— What you need to do —
In this exercise, print only the lines of the records below from the one with "this 1288×966 image." through the one with "this 2048×1536 image.", inclusive. Pictures are not part of the copy.

— Exercise input —
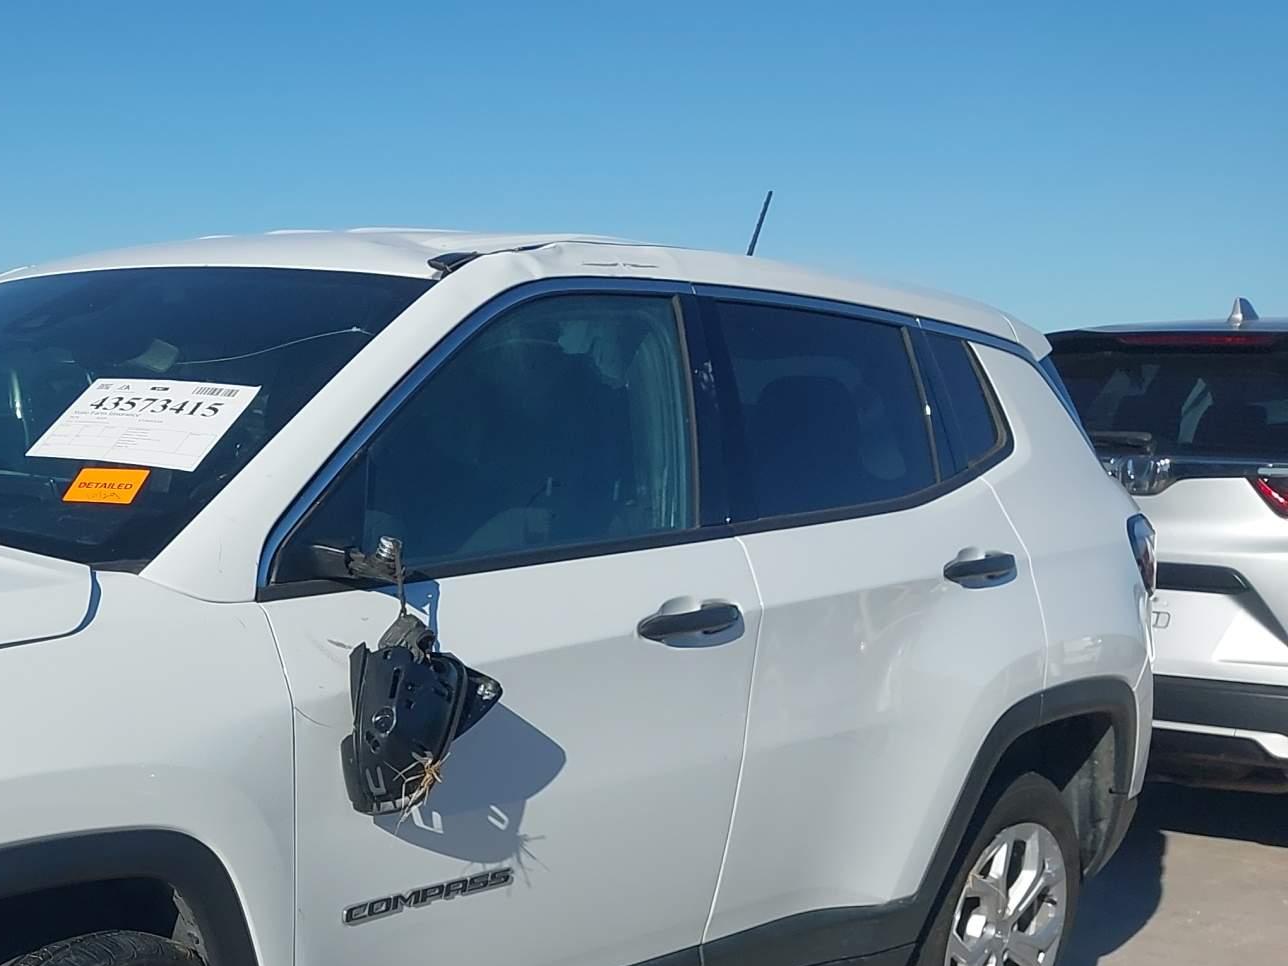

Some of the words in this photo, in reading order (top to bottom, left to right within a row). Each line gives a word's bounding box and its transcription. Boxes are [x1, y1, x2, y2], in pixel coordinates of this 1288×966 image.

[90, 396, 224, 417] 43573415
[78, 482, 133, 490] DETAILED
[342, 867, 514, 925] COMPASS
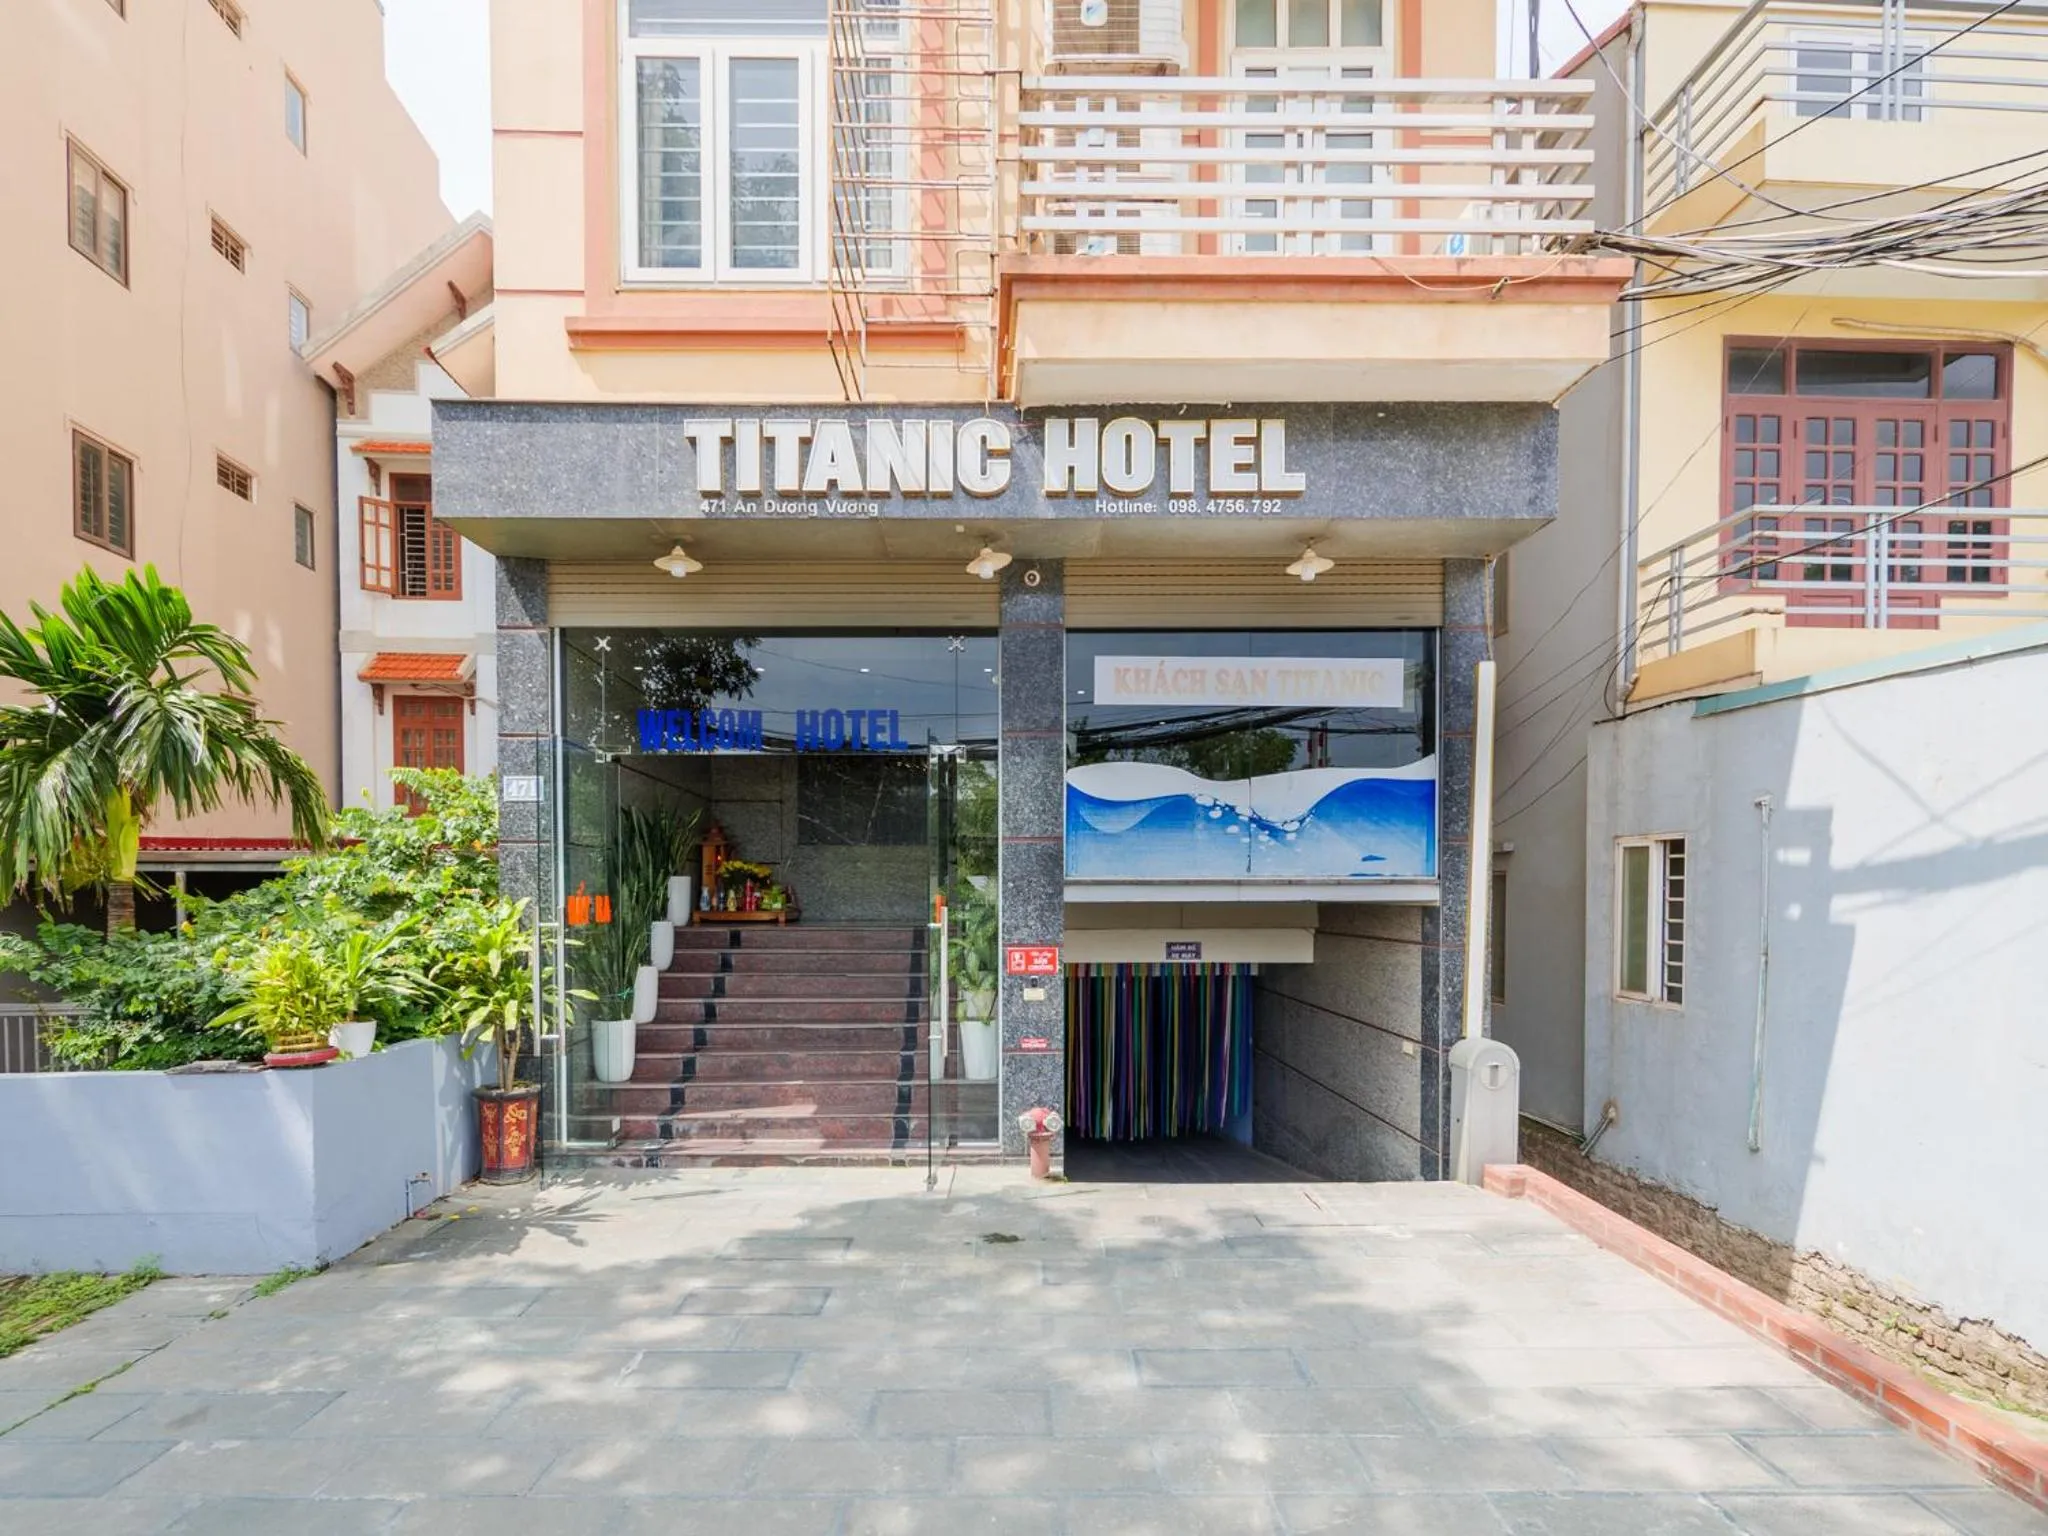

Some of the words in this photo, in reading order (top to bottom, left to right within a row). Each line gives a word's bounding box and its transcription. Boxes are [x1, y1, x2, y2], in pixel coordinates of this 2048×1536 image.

...

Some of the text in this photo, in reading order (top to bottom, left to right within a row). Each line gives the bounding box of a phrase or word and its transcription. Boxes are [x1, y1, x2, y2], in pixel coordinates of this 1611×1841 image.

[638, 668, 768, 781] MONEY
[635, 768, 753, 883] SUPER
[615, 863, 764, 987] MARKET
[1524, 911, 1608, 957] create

— Problem solution —
Some of the words in this photo, in reading order (top to bottom, left to right within a row). Each line gives a word's bounding box and its transcription. Boxes are [x1, y1, x2, y2], in pixel coordinates of this 1288×966 image.

[90, 396, 224, 417] 43573415
[78, 482, 133, 490] DETAILED
[342, 867, 514, 925] COMPASS

Some of the words in this photo, in reading order (top to bottom, left to right within a row). Each line gives a word's bounding box and its transcription. Boxes are [x1, y1, x2, y2], in pixel coordinates of this 2048×1536 image.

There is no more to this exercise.